Mobile compatibility, 78% said very important. Good job people, you’re learning. It’s not just very important, it’s absolutely fundamental with over 50% of website visits today by phone users and if your website doesn’t display properly, they’ll promptly move on.
There is also the fact that Google ranks websites based on mobile compatibility first and relegates those non-compliant to the bottom of the list.
Website Investment? Oh dear. It never ceases to amaze me that people will pay forty bucks a week (over $2000.00 a year) for a stupid little ad in among dozens of others in the local paper, yet baulk at paying over a thousand for a full colour multimedia cross platform presentation that’s on display 24/7 all year round.
Credit to those of you who said between one and three thousand, applause for those realists who acknowledge $3000 to $5000 is not unreasonable and to those that said $5000 to $10,000, you obviously have a comprehensive project in mind and I look forward to working with you. And for people who think under $500 is do-able, yes it is possible, your Hyundai Excel is waiting outside.
I also wanted to know how they preferred support delivery. You always get the people who like to call, that’s okay and occasionally it works out faster, but mostly not, there’s usually more to a problem than can be sorted over the phone.
Fortunately 66% of respondents listed email as their preferred option. We do run a ticketing system and this ran third to email and phone support, but the fact is you’ll be placed in the queue behind whoever got there before you anyway. It’s the only reasonable option and I’m not changing it. I did neglect to add Online Chat as an option, we do have it available but have never pushed its use.
The remaining four questions focused on business demographics and the results demonstrate a preponderance of genuine small businesses. I suppose it stands to reason that a small operation like ours serves lots of other small operators.
70% are sole operators or 2 person operations with only 12.5% employing 3 to 5 people, 10% with 6 to 10, 7.5% 11 to 20 and none employing more than 20 people.
Couple that with the turnover and years in business stats, there’s my demographic, a glut of sole traders, predominately working out of a single physical location, 60% of whom have been in business for more than ten years. The only thing that varies widely is turnover, there’s a range that’s spread fairly evenly from $50K to $3M, with only one above that mark.

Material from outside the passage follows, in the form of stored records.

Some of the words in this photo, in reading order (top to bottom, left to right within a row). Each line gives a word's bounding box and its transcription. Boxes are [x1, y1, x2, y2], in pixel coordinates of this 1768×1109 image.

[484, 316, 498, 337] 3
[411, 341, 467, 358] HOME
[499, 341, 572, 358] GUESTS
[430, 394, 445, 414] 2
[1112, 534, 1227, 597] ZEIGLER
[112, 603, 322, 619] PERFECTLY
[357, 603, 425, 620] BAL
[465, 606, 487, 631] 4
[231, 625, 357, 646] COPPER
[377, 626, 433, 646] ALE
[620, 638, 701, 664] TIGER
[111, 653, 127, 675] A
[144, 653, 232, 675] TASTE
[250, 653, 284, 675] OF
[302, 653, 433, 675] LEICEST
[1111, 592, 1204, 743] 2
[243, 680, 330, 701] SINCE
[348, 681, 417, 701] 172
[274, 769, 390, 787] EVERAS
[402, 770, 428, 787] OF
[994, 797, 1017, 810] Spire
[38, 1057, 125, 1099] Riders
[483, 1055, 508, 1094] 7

It’s always difficult to know how much truth can be attributed to any of this, people’s shame and ego get involved (same thing actually). Some people probably don’t want to admit they only turned over less than $50,000 last year, or don’t want to encourage the likes of me to charge them more than $500 for a site build.
The most bewildering information comes from the open ended question, “What would you like to do to improve your website?” I was really looking for a trend here in the hope I would get some insight to where people wanted to go in the future, I suppose thinking along the lines of more video or animated content.

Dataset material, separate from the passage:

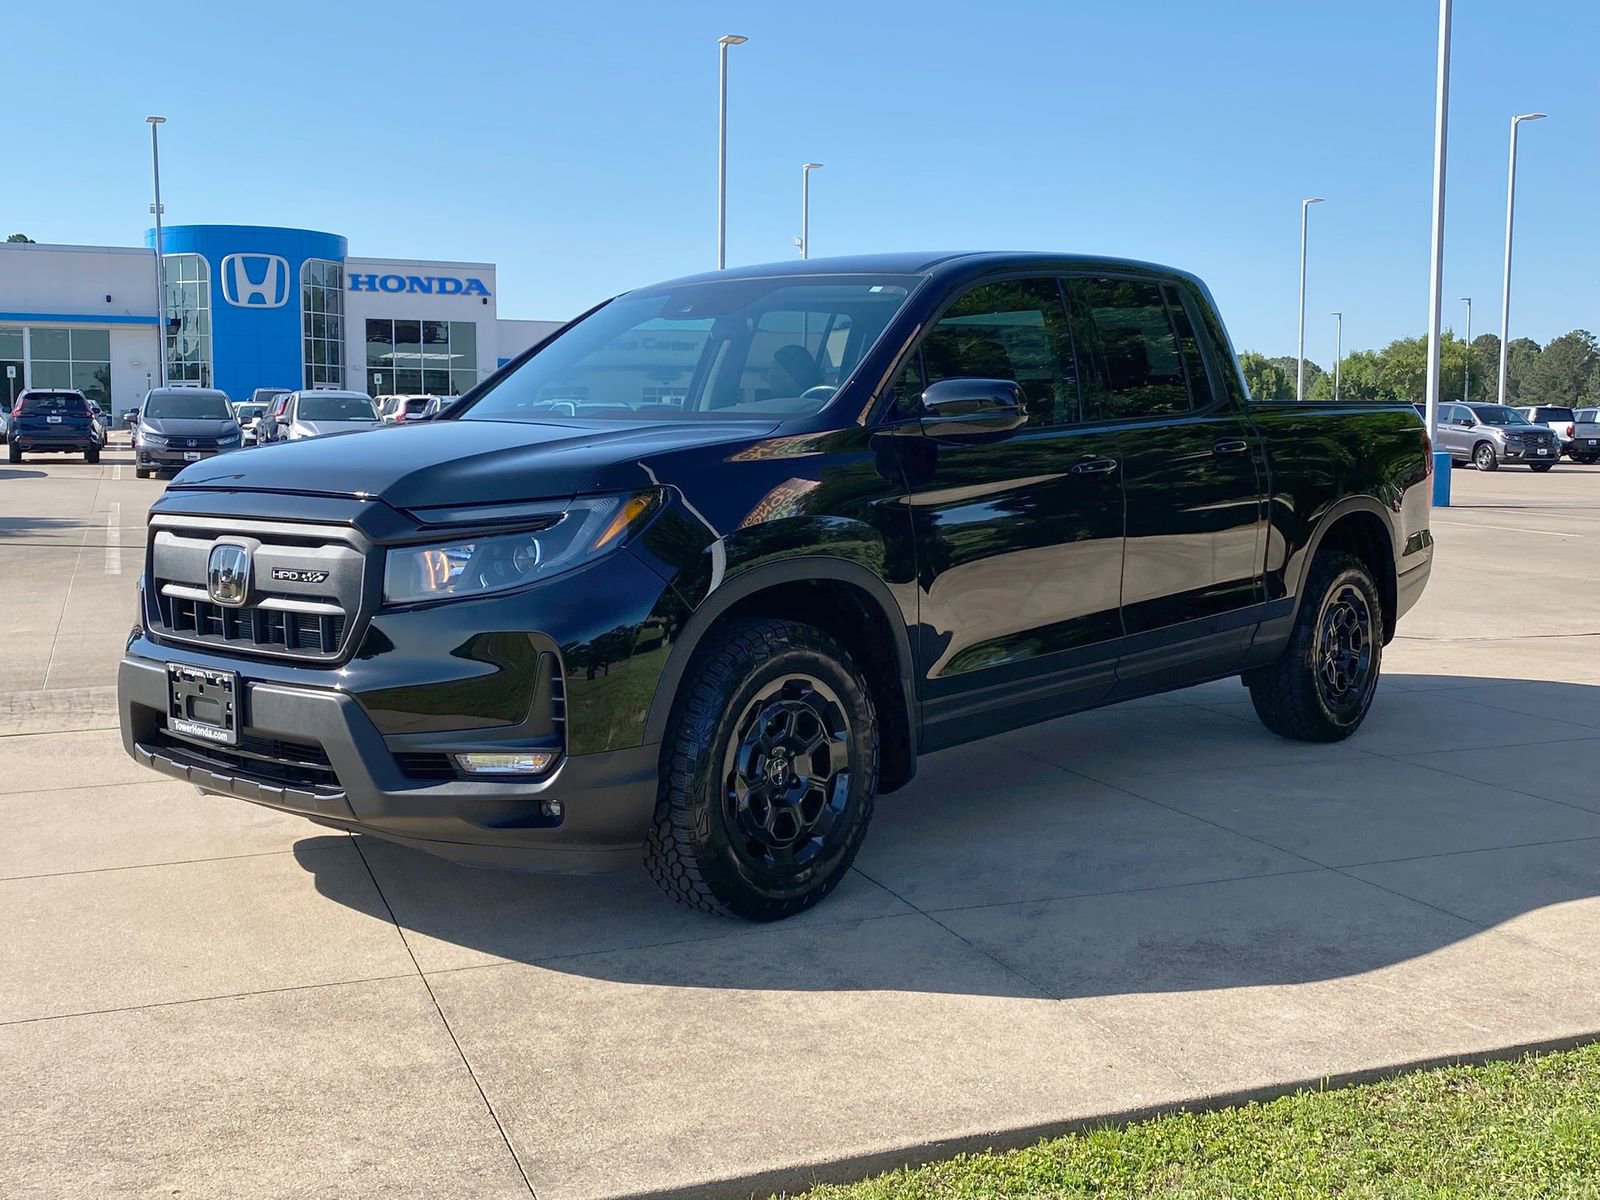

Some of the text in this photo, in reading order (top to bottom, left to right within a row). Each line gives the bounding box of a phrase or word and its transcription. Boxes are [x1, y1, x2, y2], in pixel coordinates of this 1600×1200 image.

[348, 273, 492, 296] HONDA
[272, 570, 299, 580] HPD
[174, 720, 228, 742] TowerHonda.com

Nup. Nothing of the sort. What people suggested was all quite reasonable, some wanting rebuilds, some wanting updated content, others wanting to add an ecommerce component, all sensible stuff, but I just got no direction from any of it. Ah well, ask a stupid question…
Finally, the general comments at the end were great, with three people actually telling me they are happy with what I do. That’s more than I get at home.